### Work order:
With the images removed, return every line below exactly as it reads.

[[ Provided information open ]]

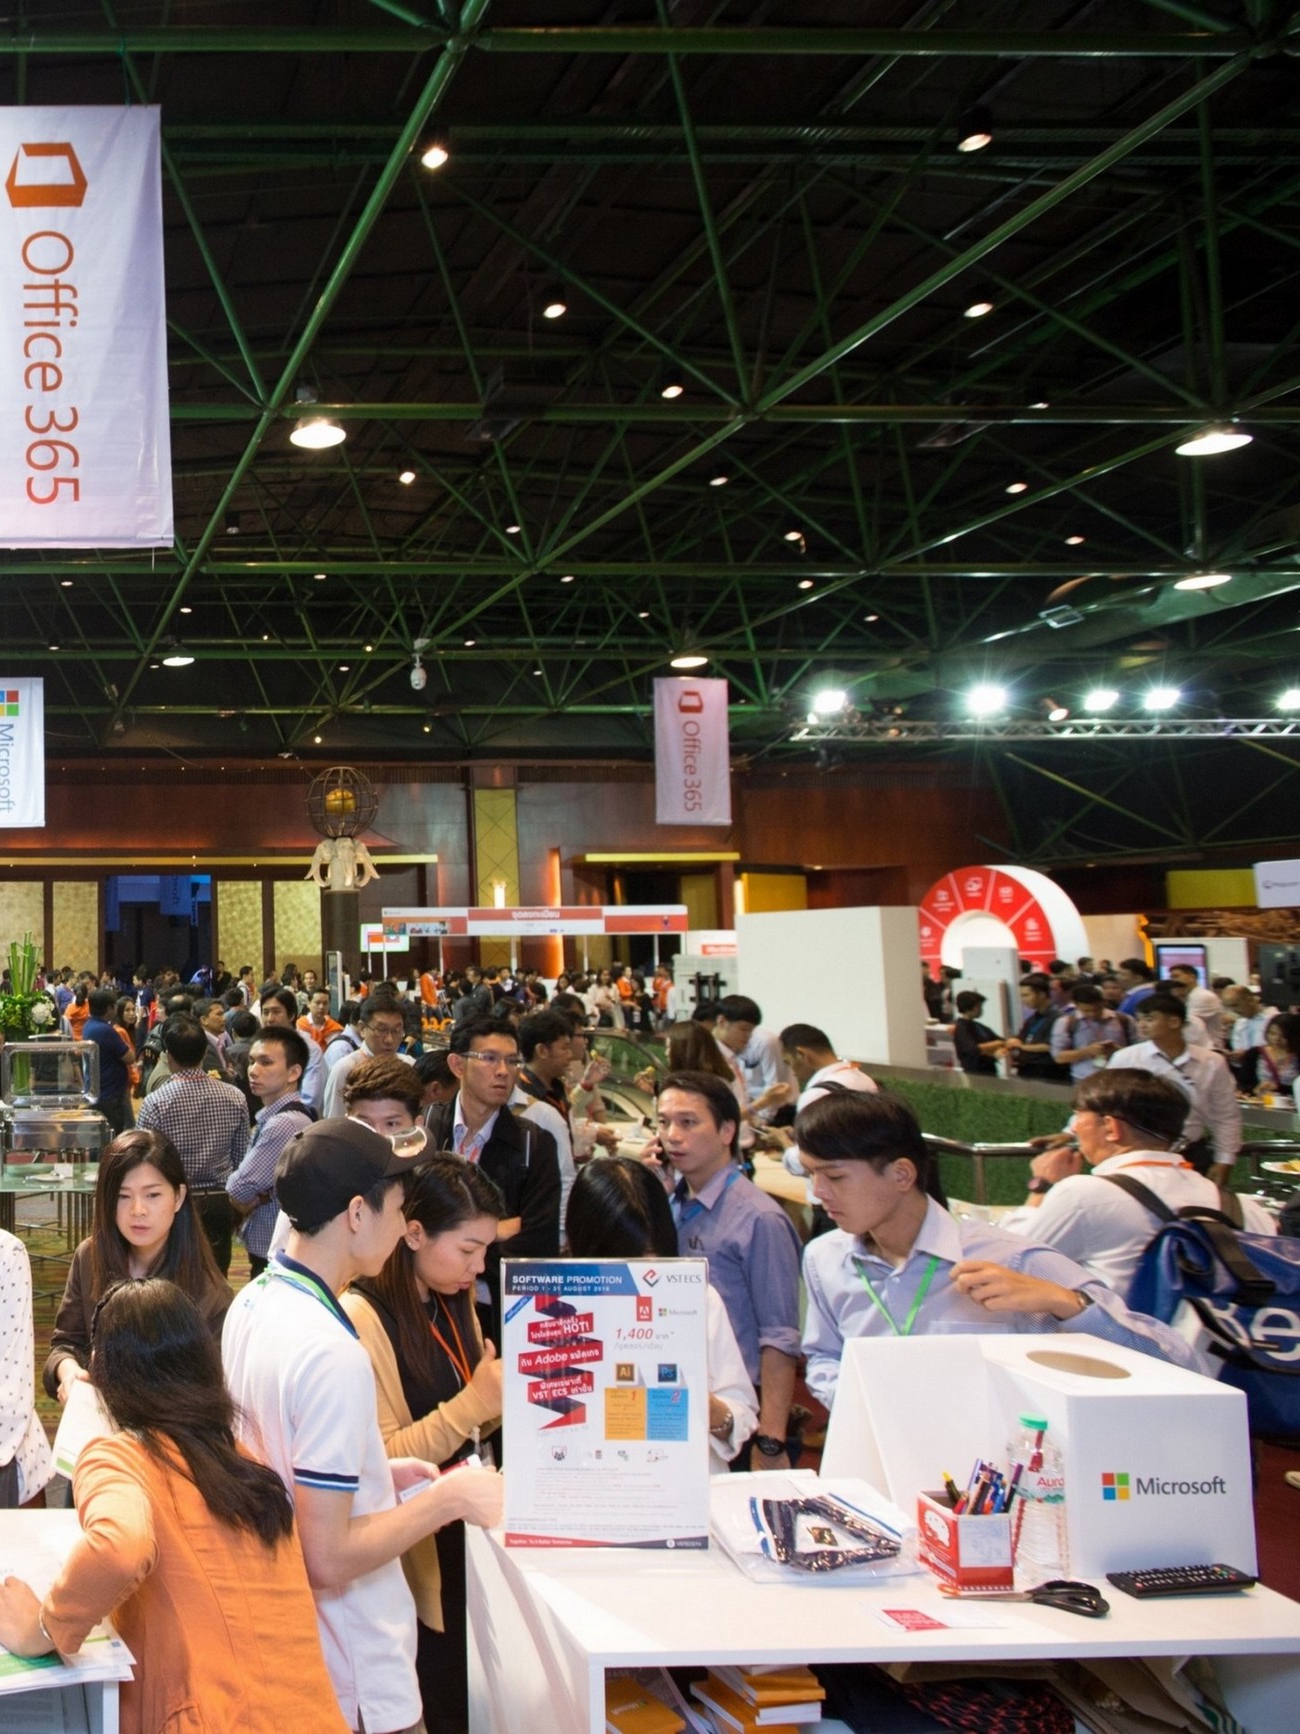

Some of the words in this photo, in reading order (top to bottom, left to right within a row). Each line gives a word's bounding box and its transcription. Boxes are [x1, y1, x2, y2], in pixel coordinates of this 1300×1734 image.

[21, 229, 79, 393] Office
[24, 405, 81, 505] 365
[682, 720, 702, 775] Office
[683, 779, 703, 812] 365
[512, 1275, 564, 1284] SOFTWARE
[566, 1275, 623, 1285] PROMOTION
[563, 1321, 590, 1335] HOT!
[614, 1328, 653, 1342] 1,400
[535, 1352, 569, 1365] Adobe
[619, 1367, 631, 1377] Ai
[661, 1367, 674, 1378] Ps
[532, 1390, 549, 1400] VST
[552, 1388, 568, 1398] ECS
[1135, 1475, 1227, 1496] Microsoft

[[ Provided information closed ]]

### Response to this exercise:
Some of the words in this photo, in reading order (top to bottom, left to right within a row). Each line gives a word's bounding box and its transcription. Boxes are [x1, y1, x2, y2], in pixel coordinates of this 1300×1734 image.

[21, 229, 79, 393] Office
[24, 405, 81, 505] 365
[682, 720, 702, 775] Office
[683, 779, 703, 812] 365
[512, 1275, 564, 1284] SOFTWARE
[566, 1275, 623, 1285] PROMOTION
[563, 1321, 590, 1335] HOT!
[614, 1328, 653, 1342] 1,400
[535, 1352, 569, 1365] Adobe
[619, 1367, 631, 1377] Ai
[661, 1367, 674, 1378] Ps
[532, 1390, 549, 1400] VST
[552, 1388, 568, 1398] ECS
[1135, 1475, 1227, 1496] Microsoft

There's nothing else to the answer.